═══ Stored data ═══

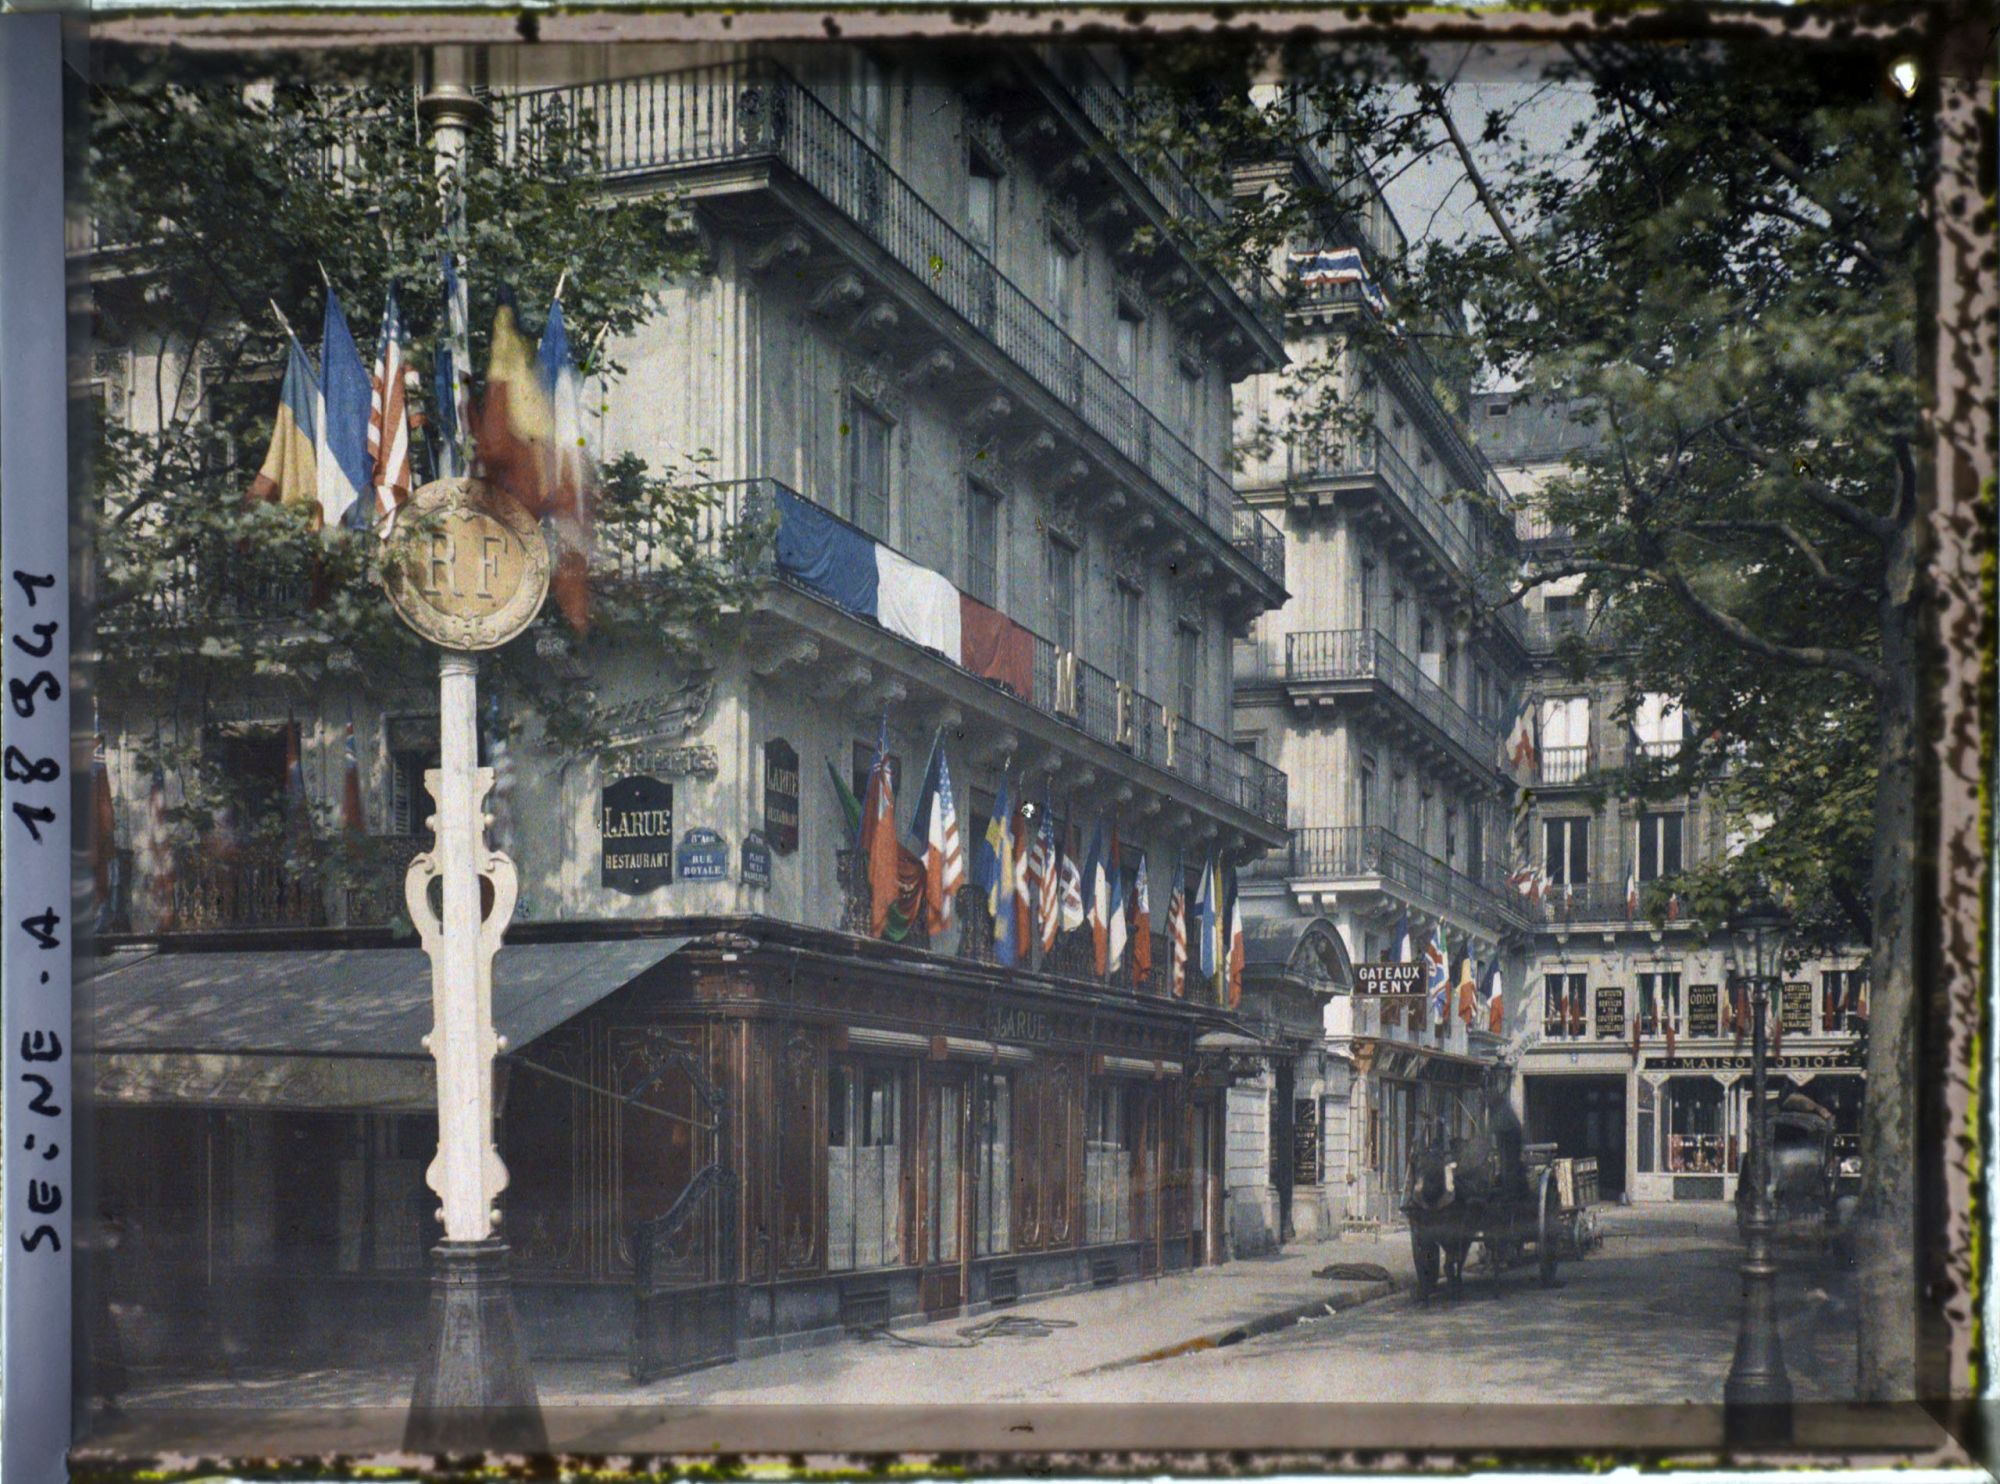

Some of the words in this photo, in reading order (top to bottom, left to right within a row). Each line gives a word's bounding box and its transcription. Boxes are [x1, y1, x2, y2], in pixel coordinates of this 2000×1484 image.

[603, 806, 671, 839] LARUE
[605, 852, 670, 870] RESTAURANT
[692, 855, 713, 865] RUE
[683, 865, 722, 877] ROYALE
[1359, 967, 1420, 980] GATEAUX
[1367, 981, 1413, 994] PENY
[1690, 994, 1717, 1005] ODIOT
[991, 1009, 1047, 1041] LARUE
[1776, 1057, 1838, 1068] ODIOT

═══

Assigned task: Transcribe each entry exactly; images stay out.

Answer space:
Some of the words in this photo, in reading order (top to bottom, left to right within a row). Each line gives a word's bounding box and its transcription. Boxes are [x1, y1, x2, y2], in pixel coordinates of this 2000×1484 image.

[603, 806, 671, 839] LARUE
[605, 852, 670, 870] RESTAURANT
[692, 855, 713, 865] RUE
[683, 865, 722, 877] ROYALE
[1359, 967, 1420, 980] GATEAUX
[1367, 981, 1413, 994] PENY
[1690, 994, 1717, 1005] ODIOT
[991, 1009, 1047, 1041] LARUE
[1776, 1057, 1838, 1068] ODIOT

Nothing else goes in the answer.